ASSIGNMENT :: Omit every picture. Return all other data as it stands.

EXERCISE INPUTS ::
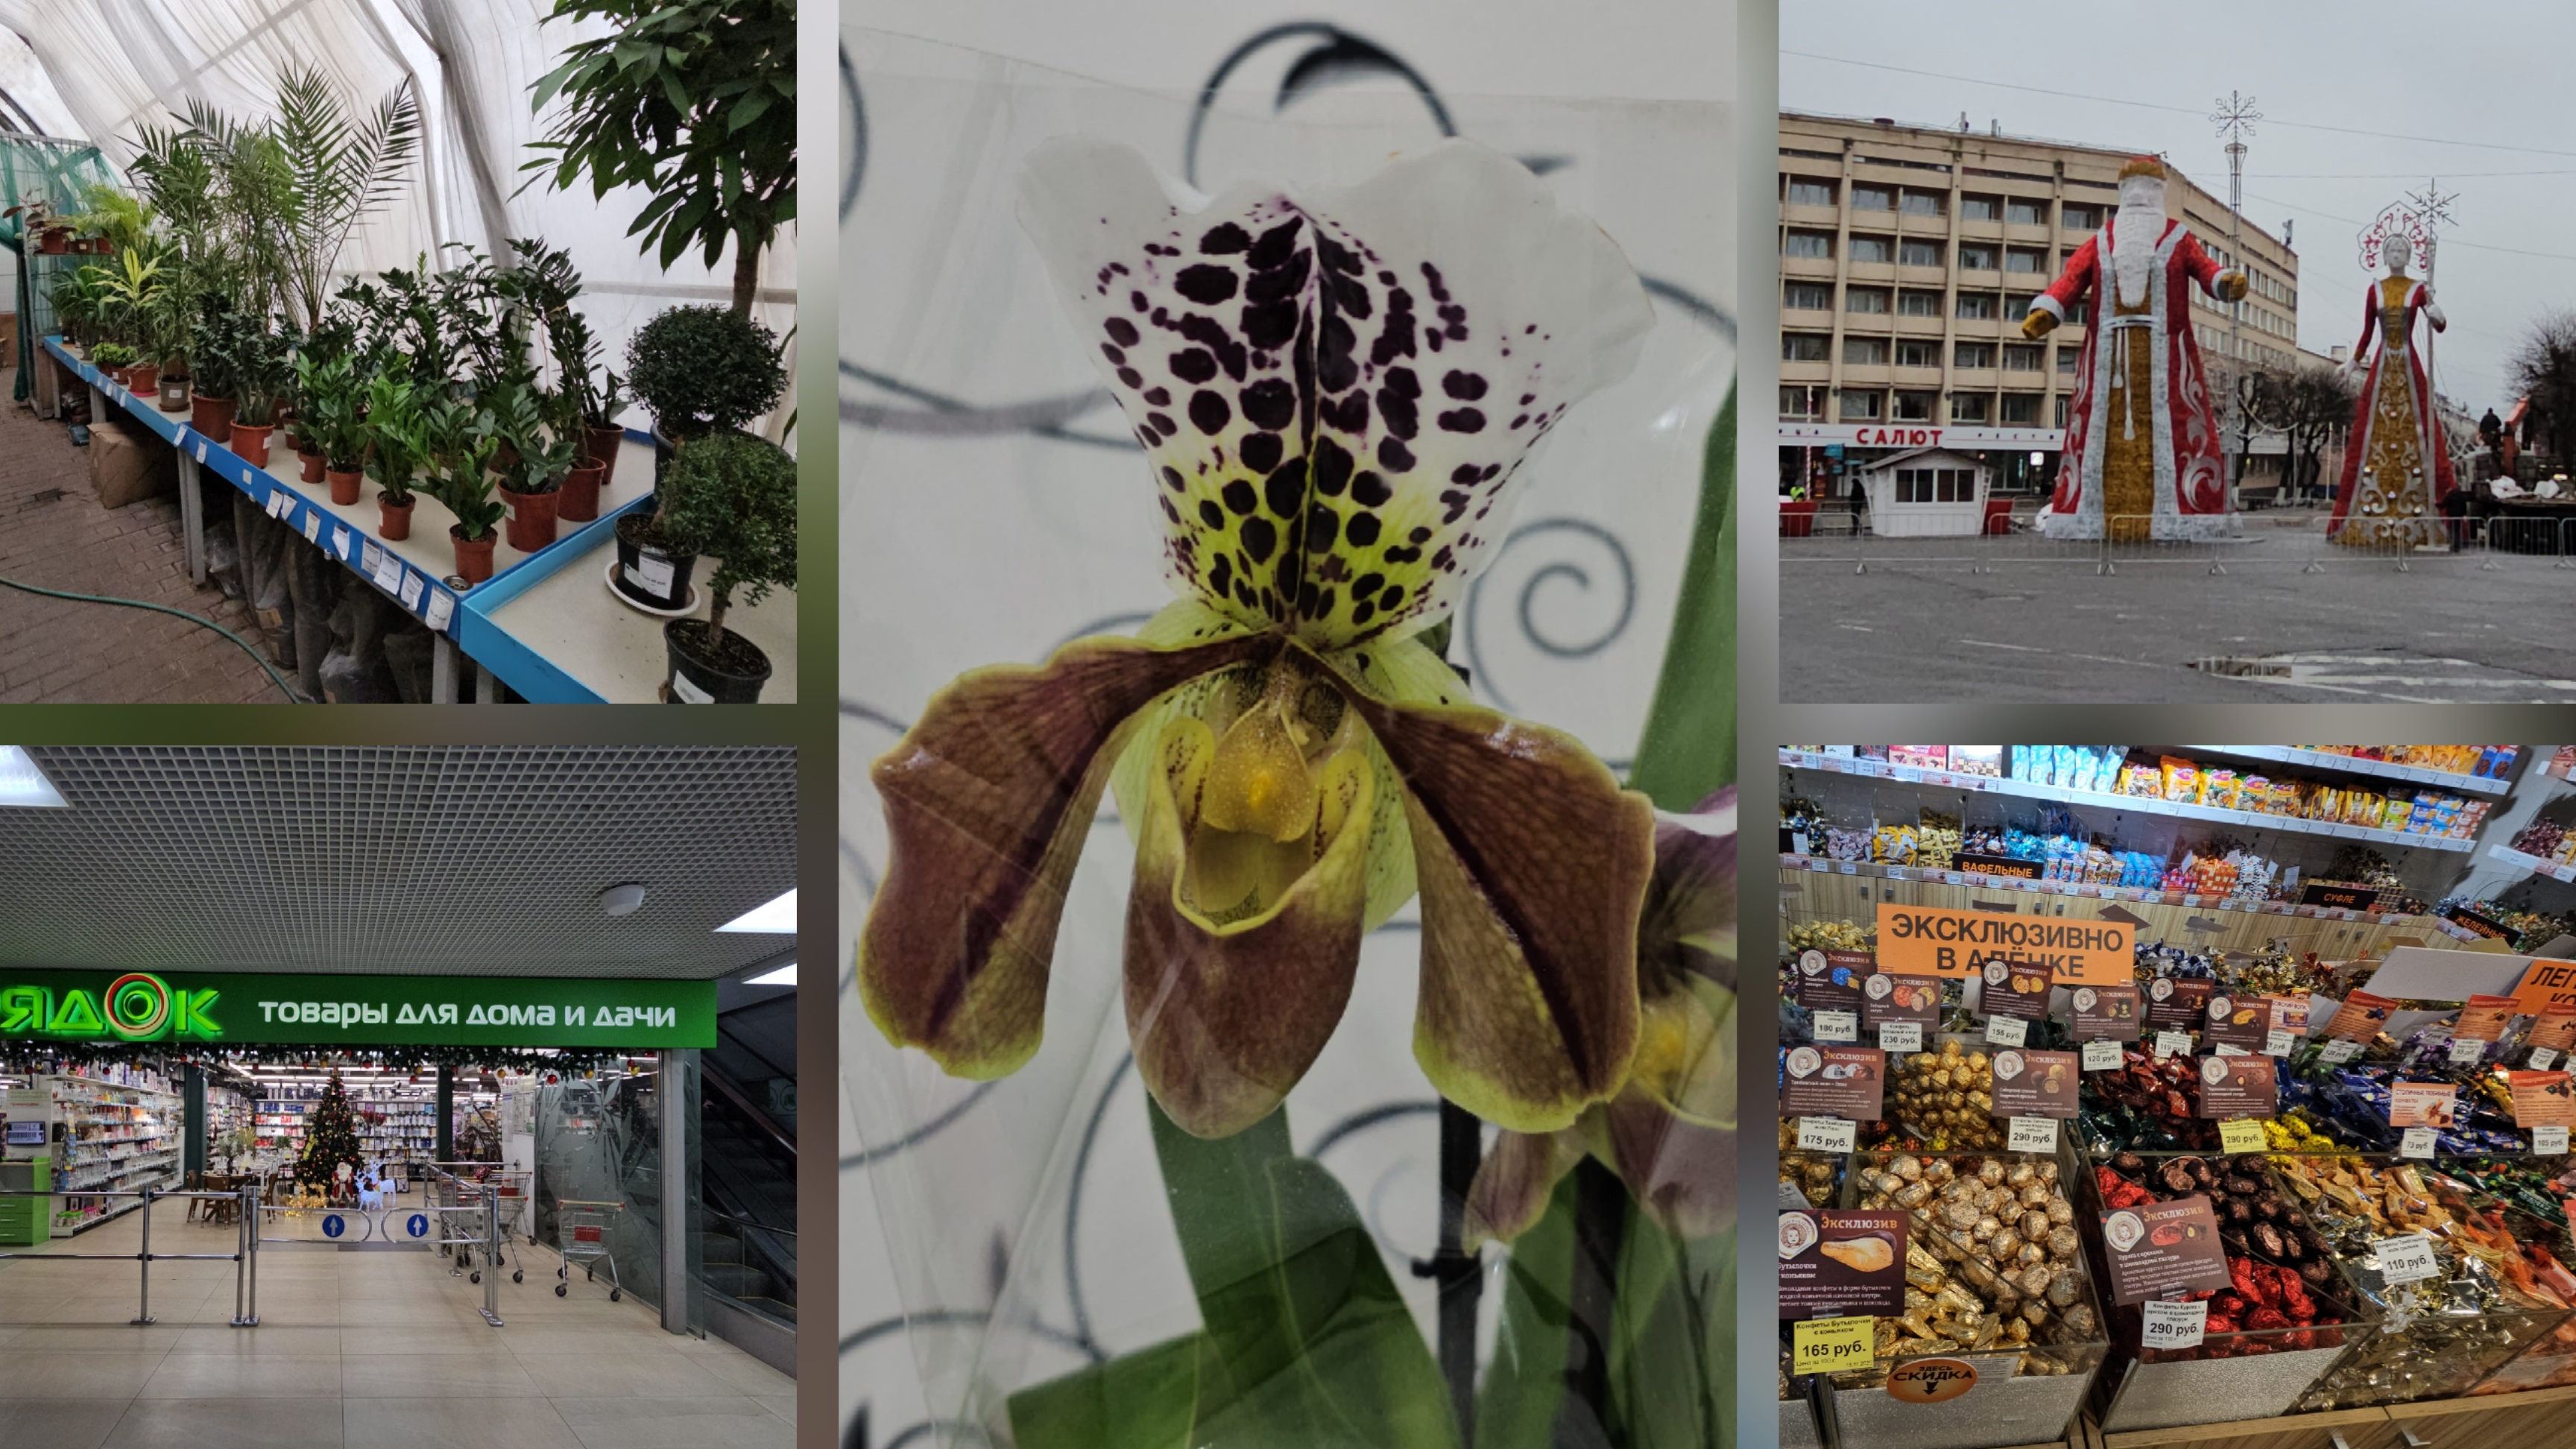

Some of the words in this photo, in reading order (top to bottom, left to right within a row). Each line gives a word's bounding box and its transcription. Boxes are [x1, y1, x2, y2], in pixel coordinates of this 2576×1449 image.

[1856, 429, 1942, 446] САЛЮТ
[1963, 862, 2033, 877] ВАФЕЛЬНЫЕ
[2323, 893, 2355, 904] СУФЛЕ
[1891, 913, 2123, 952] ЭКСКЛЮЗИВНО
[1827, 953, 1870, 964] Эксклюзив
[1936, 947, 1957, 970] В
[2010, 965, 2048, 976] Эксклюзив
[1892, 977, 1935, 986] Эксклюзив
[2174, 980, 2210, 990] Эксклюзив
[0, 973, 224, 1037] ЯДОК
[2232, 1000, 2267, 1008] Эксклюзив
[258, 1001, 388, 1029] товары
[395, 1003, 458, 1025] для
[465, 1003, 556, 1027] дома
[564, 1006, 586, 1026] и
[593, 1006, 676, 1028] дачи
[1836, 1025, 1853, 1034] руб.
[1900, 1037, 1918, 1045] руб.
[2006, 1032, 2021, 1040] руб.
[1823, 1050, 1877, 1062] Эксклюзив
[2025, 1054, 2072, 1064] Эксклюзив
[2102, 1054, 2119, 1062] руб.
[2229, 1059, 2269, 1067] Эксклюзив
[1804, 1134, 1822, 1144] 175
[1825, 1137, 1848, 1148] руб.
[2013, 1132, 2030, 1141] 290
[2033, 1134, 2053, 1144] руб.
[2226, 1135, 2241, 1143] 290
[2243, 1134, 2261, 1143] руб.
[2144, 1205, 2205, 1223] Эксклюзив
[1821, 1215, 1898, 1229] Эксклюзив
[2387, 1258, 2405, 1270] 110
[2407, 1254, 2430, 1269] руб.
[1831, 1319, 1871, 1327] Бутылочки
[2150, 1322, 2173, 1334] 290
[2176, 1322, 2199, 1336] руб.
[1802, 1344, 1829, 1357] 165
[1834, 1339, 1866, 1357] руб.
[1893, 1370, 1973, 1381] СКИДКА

RESULT FOR THIS TASK ::
Some of the words in this photo, in reading order (top to bottom, left to right within a row). Each line gives a word's bounding box and its transcription. Boxes are [x1, y1, x2, y2], in pixel coordinates of this 2576×1449 image.

[1856, 429, 1942, 446] САЛЮТ
[1963, 862, 2033, 877] ВАФЕЛЬНЫЕ
[2323, 893, 2355, 904] СУФЛЕ
[1891, 913, 2123, 952] ЭКСКЛЮЗИВНО
[1827, 953, 1870, 964] Эксклюзив
[1936, 947, 1957, 970] В
[2010, 965, 2048, 976] Эксклюзив
[1892, 977, 1935, 986] Эксклюзив
[2174, 980, 2210, 990] Эксклюзив
[0, 973, 224, 1037] ЯДОК
[2232, 1000, 2267, 1008] Эксклюзив
[258, 1001, 388, 1029] товары
[395, 1003, 458, 1025] для
[465, 1003, 556, 1027] дома
[564, 1006, 586, 1026] и
[593, 1006, 676, 1028] дачи
[1836, 1025, 1853, 1034] руб.
[1900, 1037, 1918, 1045] руб.
[2006, 1032, 2021, 1040] руб.
[1823, 1050, 1877, 1062] Эксклюзив
[2025, 1054, 2072, 1064] Эксклюзив
[2102, 1054, 2119, 1062] руб.
[2229, 1059, 2269, 1067] Эксклюзив
[1804, 1134, 1822, 1144] 175
[1825, 1137, 1848, 1148] руб.
[2013, 1132, 2030, 1141] 290
[2033, 1134, 2053, 1144] руб.
[2226, 1135, 2241, 1143] 290
[2243, 1134, 2261, 1143] руб.
[2144, 1205, 2205, 1223] Эксклюзив
[1821, 1215, 1898, 1229] Эксклюзив
[2387, 1258, 2405, 1270] 110
[2407, 1254, 2430, 1269] руб.
[1831, 1319, 1871, 1327] Бутылочки
[2150, 1322, 2173, 1334] 290
[2176, 1322, 2199, 1336] руб.
[1802, 1344, 1829, 1357] 165
[1834, 1339, 1866, 1357] руб.
[1893, 1370, 1973, 1381] СКИДКА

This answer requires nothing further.